By Roger Nomer
MIAMI, Okla. — Ottawa County Commissioners this week passed a resolution calling for removal of the American Burying Beetle from the list of federally protected endangered species.
It is part of an initiative promoted by the Association of County Commissioners of Oklahoma, and commissioners in several other Oklahoma counties have endorsed it.
The action also comes on the heels of legislation introduced last year by U.S. Sen. Jim Inhofe, R-Okla., to remove federal protection for the orange-and-black beetle.
"This is kind of a grassroots procedure here regionally. We want them to acknowledge that we have concerns here and we want to bump this up to the state level," said John Clarke, Ottawa County Commissioner. "We aren't against conservation efforts. We don’t want to hasten the demise of this species. We just want the environmental groups to look again at this region to understand that they aren't endangered here, or if they have at least recovered to a point that we don’t have to continue these studies at a cost to taxpayers."
Clarke says that since the beetle is protected, the county has to perform an evaluation before it can begin any construction project. These studies cost between $5,000 to $7,500 each, and that money is paid by taxpayers.

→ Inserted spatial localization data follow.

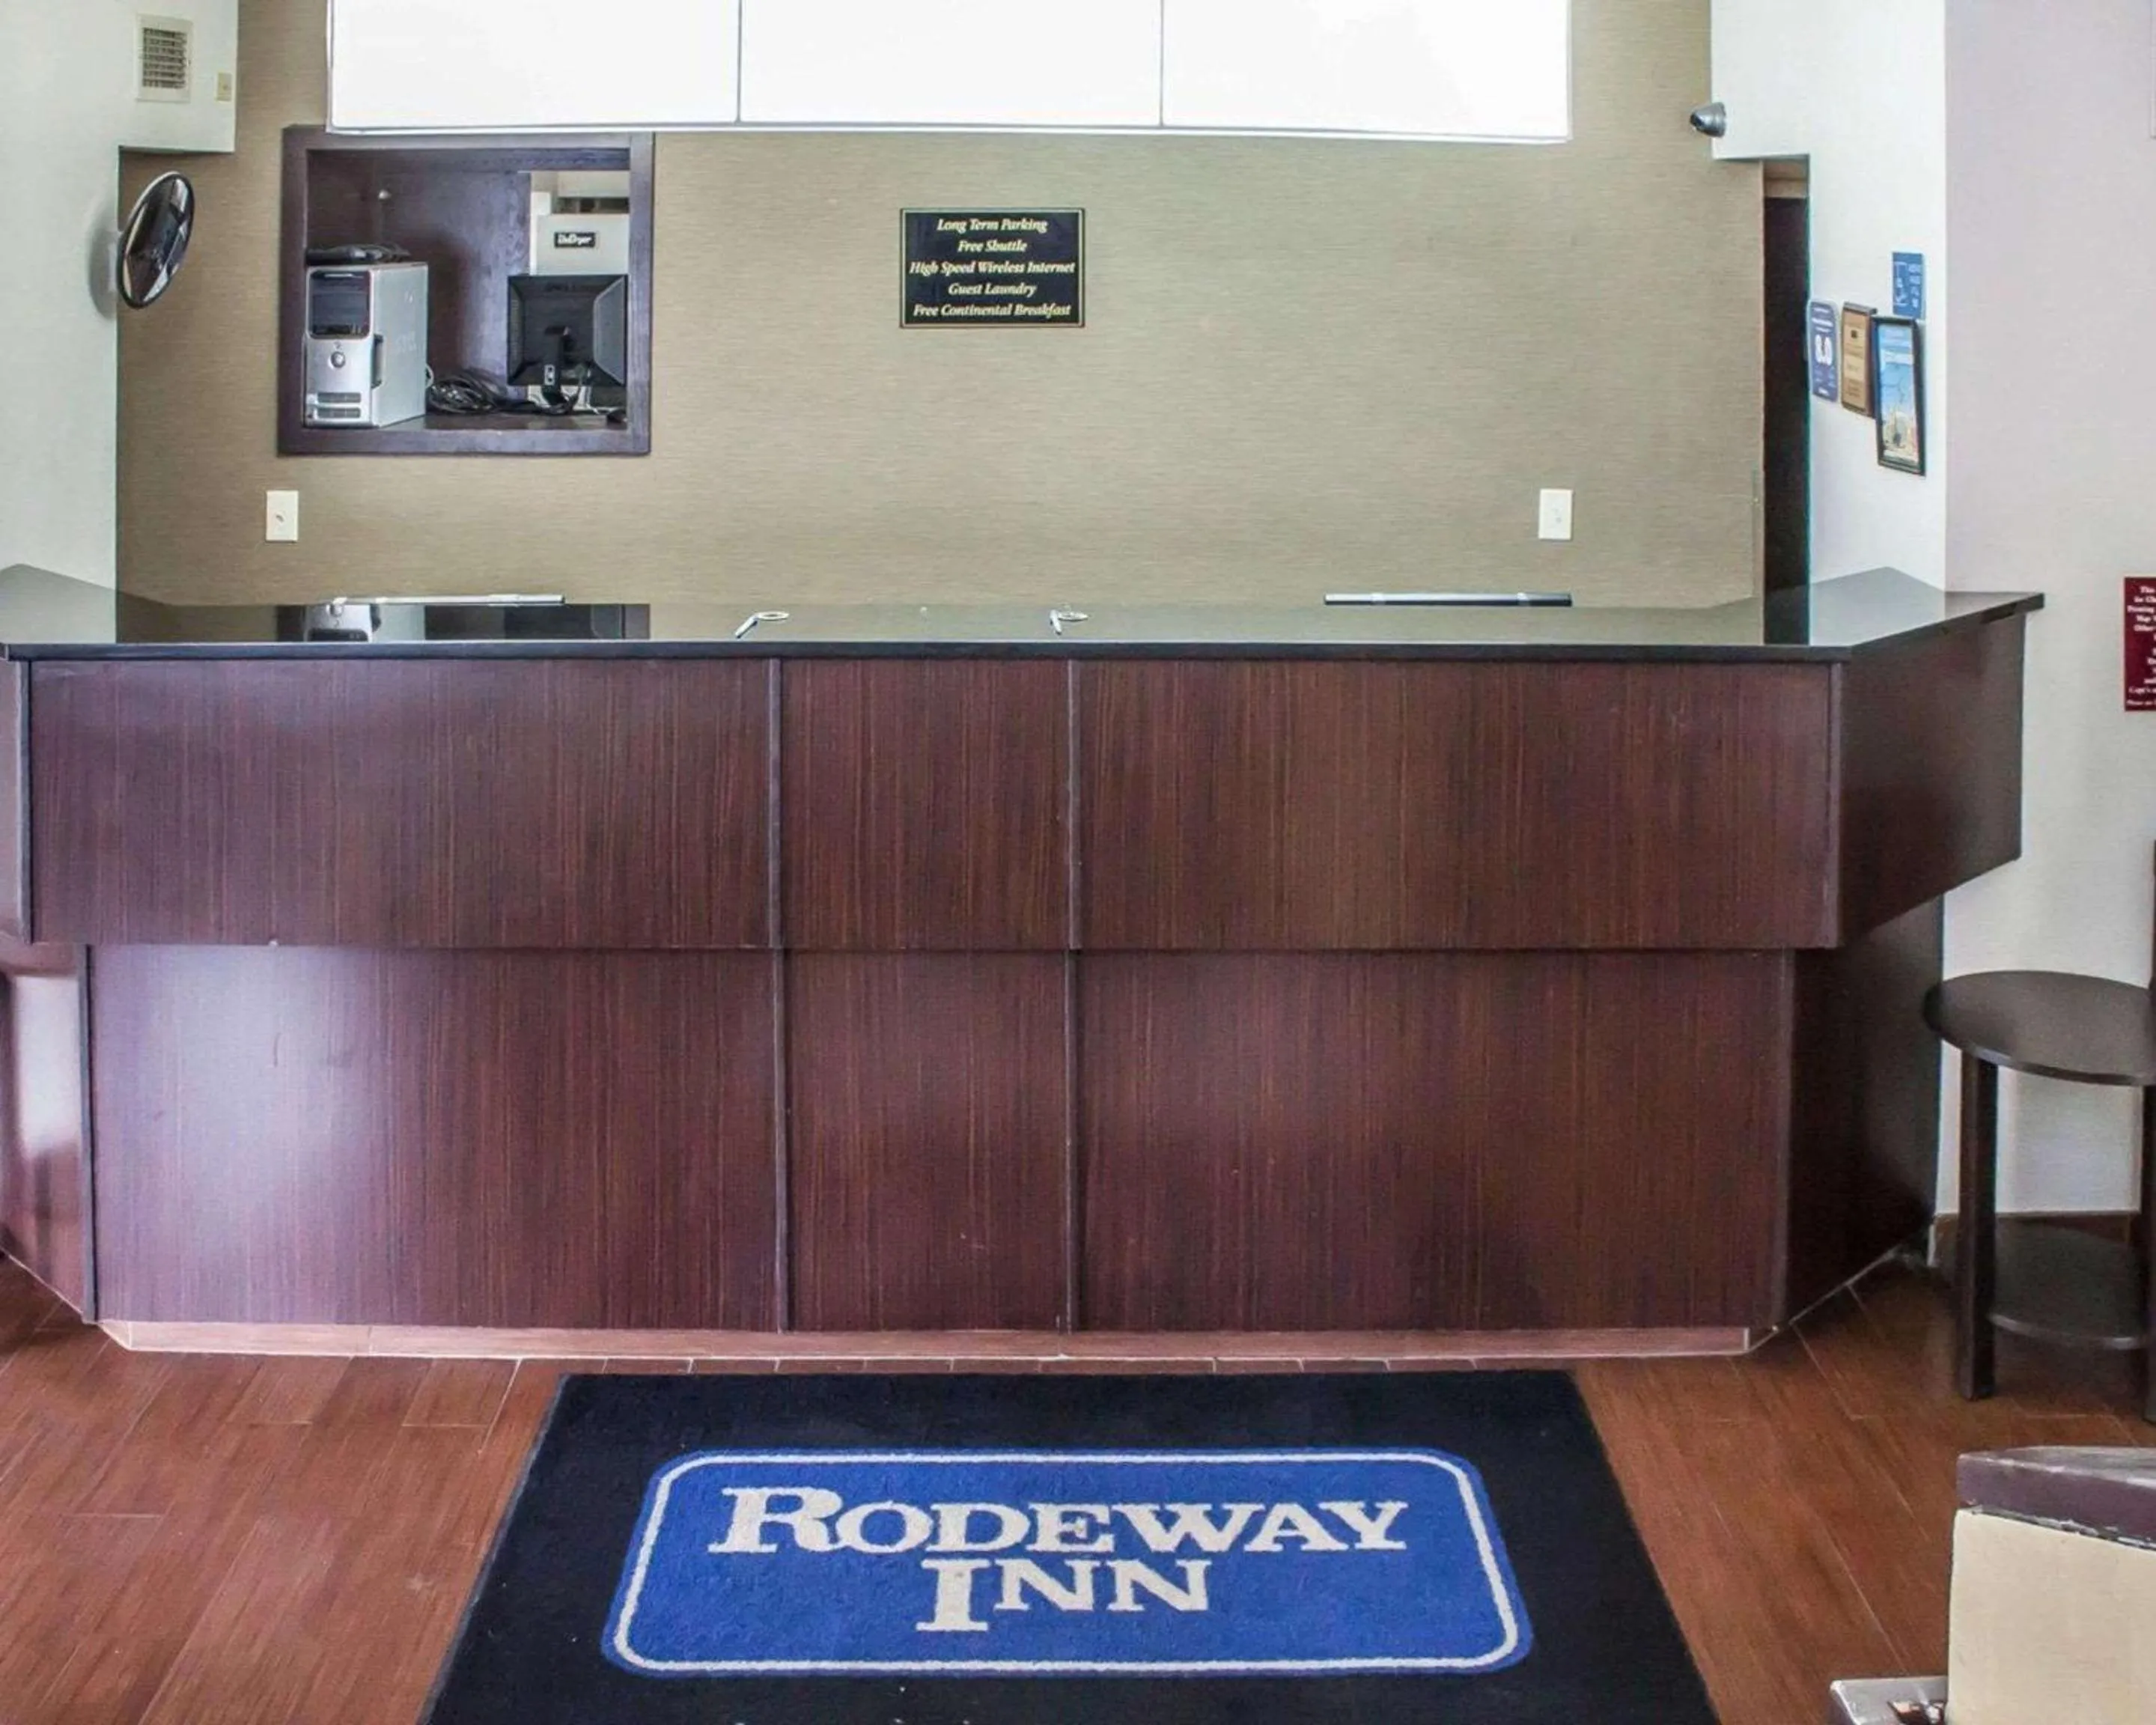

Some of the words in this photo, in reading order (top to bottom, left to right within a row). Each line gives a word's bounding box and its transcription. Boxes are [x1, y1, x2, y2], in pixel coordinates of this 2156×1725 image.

[937, 219, 967, 234] Long
[969, 219, 999, 231] Term
[1001, 219, 1049, 234] Parking
[957, 240, 984, 252] Free
[985, 240, 1028, 252] Shuttle
[909, 261, 939, 277] High
[940, 260, 976, 276] Speed
[978, 260, 1025, 273] Wireless
[1026, 261, 1076, 273] Internet
[948, 282, 983, 295] Guest
[984, 282, 1038, 298] Laundry
[913, 303, 939, 317] Free
[941, 302, 1013, 316] Continental
[1014, 302, 1071, 319] Breakfast
[707, 1487, 1409, 1553] RODEWAY
[916, 1559, 1212, 1631] INN
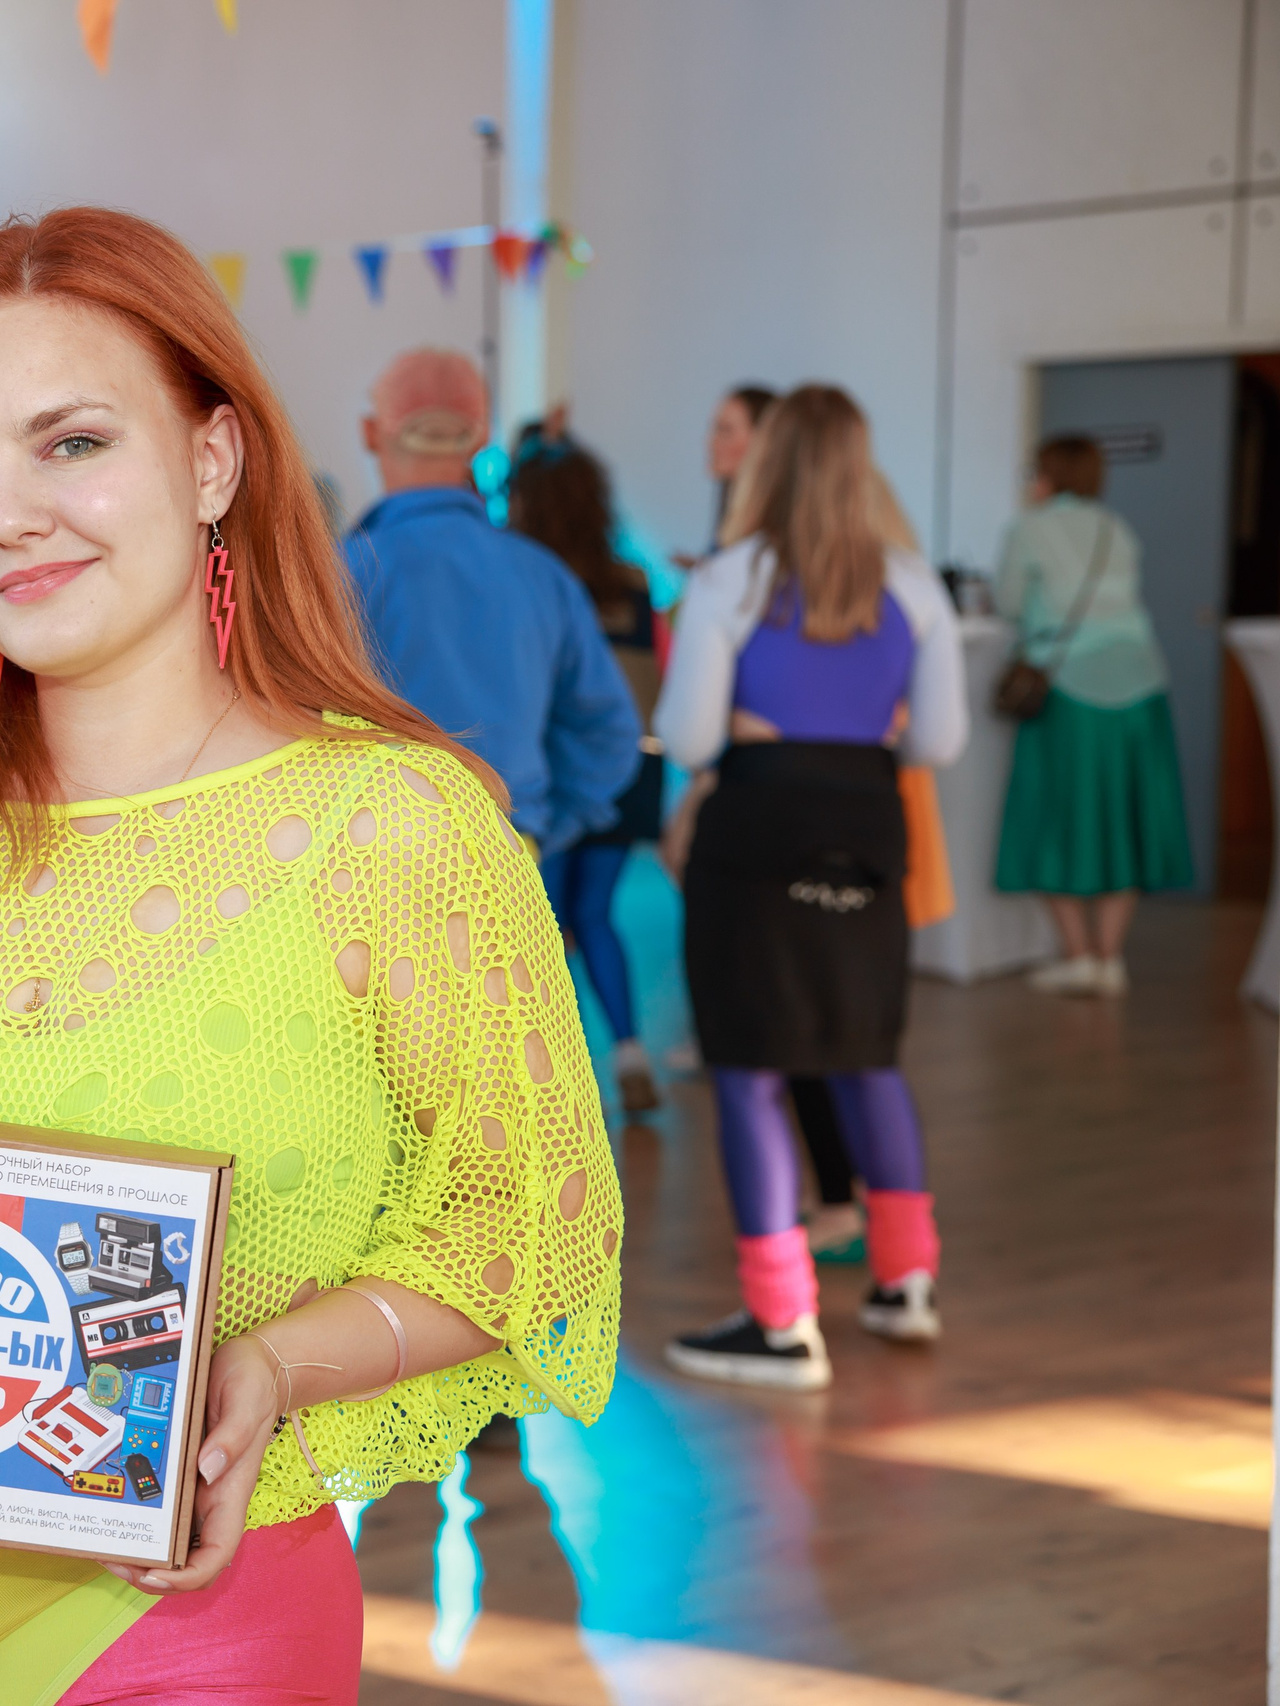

"There has to be an evaluation done on that specific species to see if they are in the proximity of our construction plans, and that goes for anything on the protected list," Clarke said. "The studies have to take place in the summer for this beetle since that is when they are active and that study is only good for one year. If construction doesn't occur within that time frame, then we have to start the whole process over. It’s so binding to anything we want to do. Every study we do costs money — money that is tight that we can use (for) new projects like bridges and roads, which is our primary focus as a commission."
In 1989, when the American Burying Beetle was given federal protection under the Endangered Species Act, there were only two known populations of the beetle, one on Block Island off the coast of Rhode Island and one that had been recently discovered in Oklahoma. At the time it was thought that the American Burying Beetle had experienced “one of the most disastrous declines of an insect’s range ever to be recorded,” according to federal records.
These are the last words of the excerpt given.